Many aspiring yoga instructors are opting for teacher trainings that specialize in yoga therapy as more Americans are having yoga ‘prescribed’ to their health regimen as a natural therapy for pain management and physical ailments. We also know that it’s not uncommon for mental health workers and counselors to suggest yoga to their patients.

“It was interesting how many people turn to complementary medicine for management of pain,” says Dr. Josephine Briggs, director of the National Center for Complementary and Integrative Health at NIH. “And [to see] the growing interest by Americans in the mind-and-body approach.” Briggs also points out that yoga and other therapies aren’t so much an alternative to Western approaches to health, but a complementary practice.

While many yoga teachers lead classes for students of all ability levels (beginner to advanced), yoga therapists are tailoring instruction even more so to meet a wide range of physical and mental health needs.
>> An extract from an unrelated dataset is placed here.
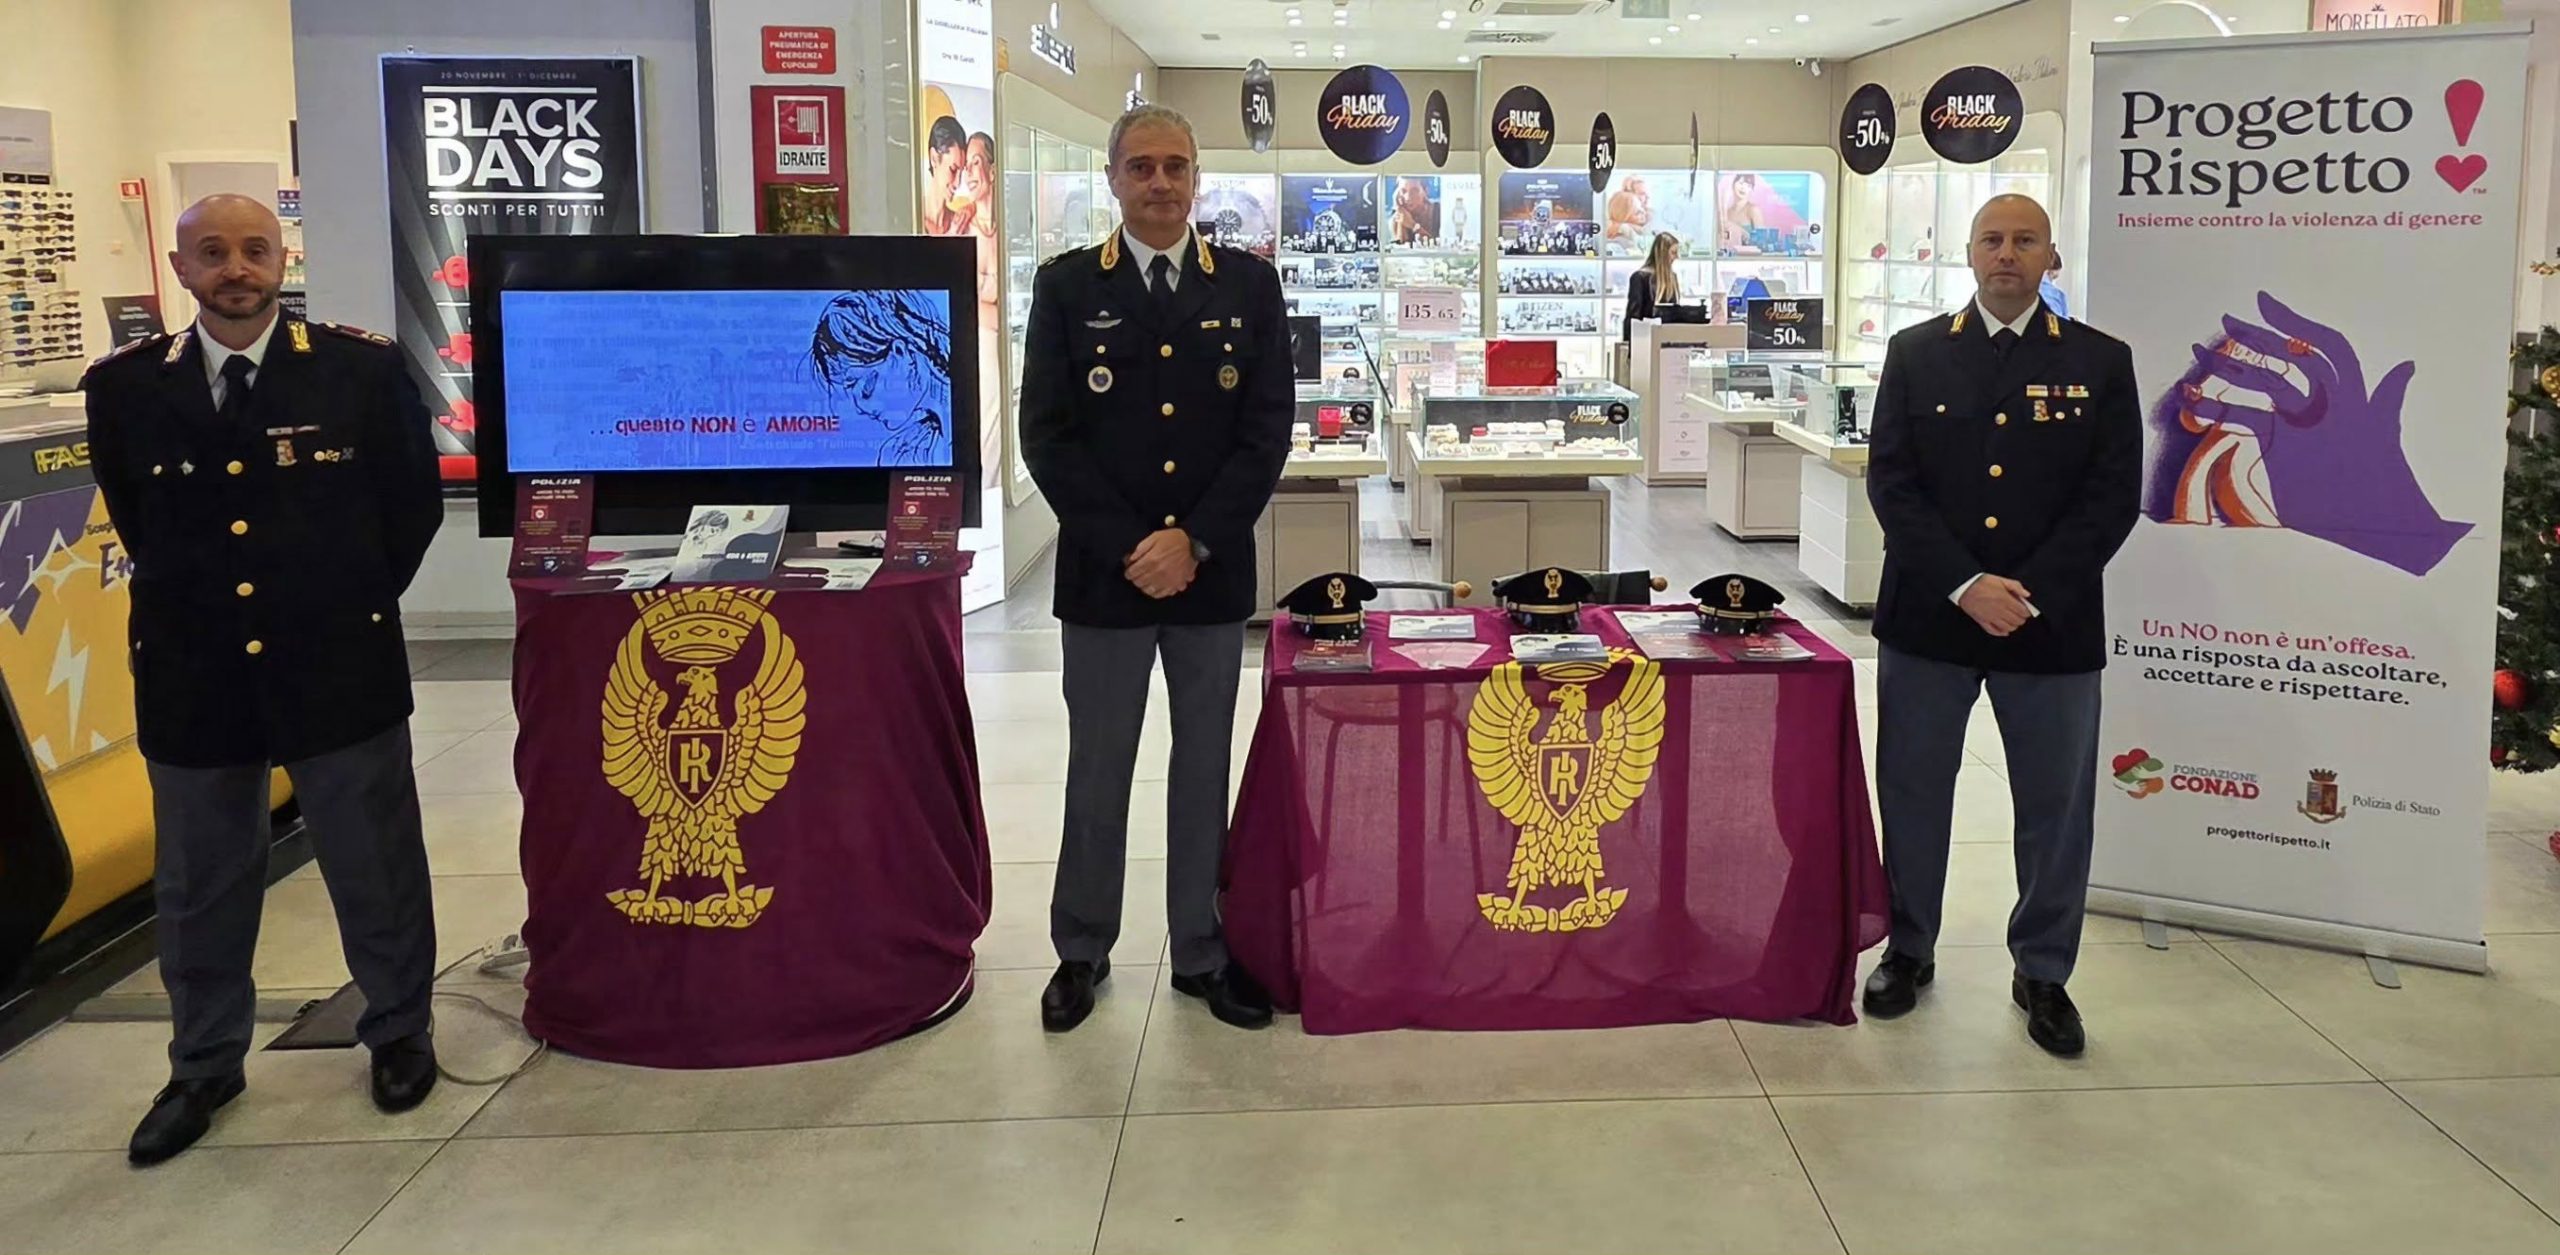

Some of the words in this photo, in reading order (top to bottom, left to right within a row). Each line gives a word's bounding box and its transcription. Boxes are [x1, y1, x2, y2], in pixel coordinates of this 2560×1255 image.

One of the key elements of yoga therapy is accessibility, which offers practitioners opportunities to do yoga whether they’re healing from a spinal injury, recovering from substance addiction or suffering from a chronic or life threatening illness.

The increase in people seeking and training in yoga therapy certainly signals a push for the benefits of yoga-as-therapy to be explored more scientifically. As yoga therapist Cora Wen  stated in a recent interview with Yoga Basics, “There seems to be some confusion about yoga therapy. We understand that sports therapy is for the athlete and dance therapy is for dancer; physical therapy is for the dancer, the athlete and the general population, but yoga therapy is not just for yoga practitioners. Yoga therapy is the therapeutic application of yoga science and art that can be used in sports, dance, physical and occupational therapy and rehabilitation. Yoga therapy is really more of a complementary and alternative medicine. It’s for all people.”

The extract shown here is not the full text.